** To do **
Copy each line from the data that has the word "Boxes" in it.

======== Material provided

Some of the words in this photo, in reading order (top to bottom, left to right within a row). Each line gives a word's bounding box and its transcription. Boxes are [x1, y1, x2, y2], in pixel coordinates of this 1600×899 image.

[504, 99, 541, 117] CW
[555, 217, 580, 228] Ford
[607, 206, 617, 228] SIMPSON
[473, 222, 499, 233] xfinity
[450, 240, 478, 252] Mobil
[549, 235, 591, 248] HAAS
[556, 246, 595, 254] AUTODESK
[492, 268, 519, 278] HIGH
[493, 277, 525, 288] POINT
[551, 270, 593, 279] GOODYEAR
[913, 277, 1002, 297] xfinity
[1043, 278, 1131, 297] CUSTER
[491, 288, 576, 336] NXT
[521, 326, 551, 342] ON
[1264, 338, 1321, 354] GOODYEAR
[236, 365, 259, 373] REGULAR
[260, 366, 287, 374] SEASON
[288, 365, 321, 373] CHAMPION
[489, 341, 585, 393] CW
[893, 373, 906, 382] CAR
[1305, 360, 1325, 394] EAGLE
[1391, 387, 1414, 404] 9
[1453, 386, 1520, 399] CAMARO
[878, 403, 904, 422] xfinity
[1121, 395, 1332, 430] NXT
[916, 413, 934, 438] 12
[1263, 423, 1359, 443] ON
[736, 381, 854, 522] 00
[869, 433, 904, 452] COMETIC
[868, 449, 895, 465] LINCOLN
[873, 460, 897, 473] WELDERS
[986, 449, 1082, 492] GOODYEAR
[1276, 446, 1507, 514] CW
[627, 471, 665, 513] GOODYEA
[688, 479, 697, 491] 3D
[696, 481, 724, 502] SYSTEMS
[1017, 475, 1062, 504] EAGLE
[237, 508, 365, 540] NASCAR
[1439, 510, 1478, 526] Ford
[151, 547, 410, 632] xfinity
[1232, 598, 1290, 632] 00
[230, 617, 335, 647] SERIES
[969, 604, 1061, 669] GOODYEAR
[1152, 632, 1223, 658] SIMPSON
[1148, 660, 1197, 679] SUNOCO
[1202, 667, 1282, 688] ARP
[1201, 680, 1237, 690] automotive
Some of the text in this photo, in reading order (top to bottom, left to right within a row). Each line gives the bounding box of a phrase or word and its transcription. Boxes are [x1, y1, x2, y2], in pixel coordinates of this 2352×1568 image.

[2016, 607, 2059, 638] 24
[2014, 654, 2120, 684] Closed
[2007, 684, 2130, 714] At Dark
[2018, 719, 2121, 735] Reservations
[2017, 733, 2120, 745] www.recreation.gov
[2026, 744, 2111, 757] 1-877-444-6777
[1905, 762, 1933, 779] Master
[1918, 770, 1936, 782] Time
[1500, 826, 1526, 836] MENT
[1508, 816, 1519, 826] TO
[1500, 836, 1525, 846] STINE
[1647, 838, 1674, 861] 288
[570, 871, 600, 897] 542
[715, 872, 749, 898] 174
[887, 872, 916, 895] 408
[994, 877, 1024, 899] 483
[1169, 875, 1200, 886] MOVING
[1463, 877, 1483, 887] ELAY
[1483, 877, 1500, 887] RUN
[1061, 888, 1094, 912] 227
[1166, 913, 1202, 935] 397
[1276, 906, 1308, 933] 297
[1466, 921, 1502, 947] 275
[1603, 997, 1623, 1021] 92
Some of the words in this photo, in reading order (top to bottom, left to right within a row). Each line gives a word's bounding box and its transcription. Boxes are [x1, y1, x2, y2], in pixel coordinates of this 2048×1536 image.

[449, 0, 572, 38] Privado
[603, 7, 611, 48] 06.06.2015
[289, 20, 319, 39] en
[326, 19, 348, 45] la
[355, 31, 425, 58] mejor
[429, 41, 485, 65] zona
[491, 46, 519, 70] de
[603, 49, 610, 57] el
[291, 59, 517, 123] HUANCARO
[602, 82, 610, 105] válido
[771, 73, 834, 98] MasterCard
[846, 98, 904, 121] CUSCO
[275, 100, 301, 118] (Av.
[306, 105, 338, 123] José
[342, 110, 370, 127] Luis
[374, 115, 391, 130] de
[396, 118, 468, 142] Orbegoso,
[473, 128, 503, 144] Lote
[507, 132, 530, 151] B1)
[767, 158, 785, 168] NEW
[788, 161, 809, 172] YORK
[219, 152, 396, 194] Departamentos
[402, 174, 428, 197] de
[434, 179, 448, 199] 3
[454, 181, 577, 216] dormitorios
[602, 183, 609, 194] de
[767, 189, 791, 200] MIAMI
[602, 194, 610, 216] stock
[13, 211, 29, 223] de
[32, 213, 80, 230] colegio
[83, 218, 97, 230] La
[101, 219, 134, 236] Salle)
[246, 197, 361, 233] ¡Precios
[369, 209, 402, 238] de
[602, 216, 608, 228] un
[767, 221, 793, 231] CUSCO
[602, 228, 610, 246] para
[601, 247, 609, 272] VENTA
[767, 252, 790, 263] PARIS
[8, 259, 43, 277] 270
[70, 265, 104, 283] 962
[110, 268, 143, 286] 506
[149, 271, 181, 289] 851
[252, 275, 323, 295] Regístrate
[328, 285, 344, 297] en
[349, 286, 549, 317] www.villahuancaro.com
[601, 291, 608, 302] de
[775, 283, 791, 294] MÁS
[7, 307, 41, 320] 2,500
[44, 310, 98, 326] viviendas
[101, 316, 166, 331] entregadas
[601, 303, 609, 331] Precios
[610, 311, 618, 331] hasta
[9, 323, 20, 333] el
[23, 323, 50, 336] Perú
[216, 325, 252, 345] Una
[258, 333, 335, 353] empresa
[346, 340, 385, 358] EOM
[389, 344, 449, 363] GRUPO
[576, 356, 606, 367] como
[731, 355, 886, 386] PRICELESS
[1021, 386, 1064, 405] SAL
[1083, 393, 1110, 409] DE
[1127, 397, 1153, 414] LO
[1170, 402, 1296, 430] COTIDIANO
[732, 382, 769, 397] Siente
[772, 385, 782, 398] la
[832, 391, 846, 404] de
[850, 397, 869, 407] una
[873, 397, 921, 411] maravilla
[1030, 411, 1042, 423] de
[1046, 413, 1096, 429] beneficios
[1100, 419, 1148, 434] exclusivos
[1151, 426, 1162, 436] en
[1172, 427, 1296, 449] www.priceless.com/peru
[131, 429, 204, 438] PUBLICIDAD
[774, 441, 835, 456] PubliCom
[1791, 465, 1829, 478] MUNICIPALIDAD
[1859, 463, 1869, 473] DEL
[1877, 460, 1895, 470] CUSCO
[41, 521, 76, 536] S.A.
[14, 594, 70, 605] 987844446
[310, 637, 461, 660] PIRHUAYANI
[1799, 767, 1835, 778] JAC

================

** Output below **
Some of the words in this photo, in reading order (top to bottom, left to right within a row). Each line gives a word's bounding box and its transcription. Boxes are [x1, y1, x2, y2], in pixel coordinates of this 1600×899 image.
Some of the text in this photo, in reading order (top to bottom, left to right within a row). Each line gives the bounding box of a phrase or word and its transcription. Boxes are [x1, y1, x2, y2], in pixel coordinates of this 2352×1568 image.
Some of the words in this photo, in reading order (top to bottom, left to right within a row). Each line gives a word's bounding box and its transcription. Boxes are [x1, y1, x2, y2], in pixel coordinates of this 2048×1536 image.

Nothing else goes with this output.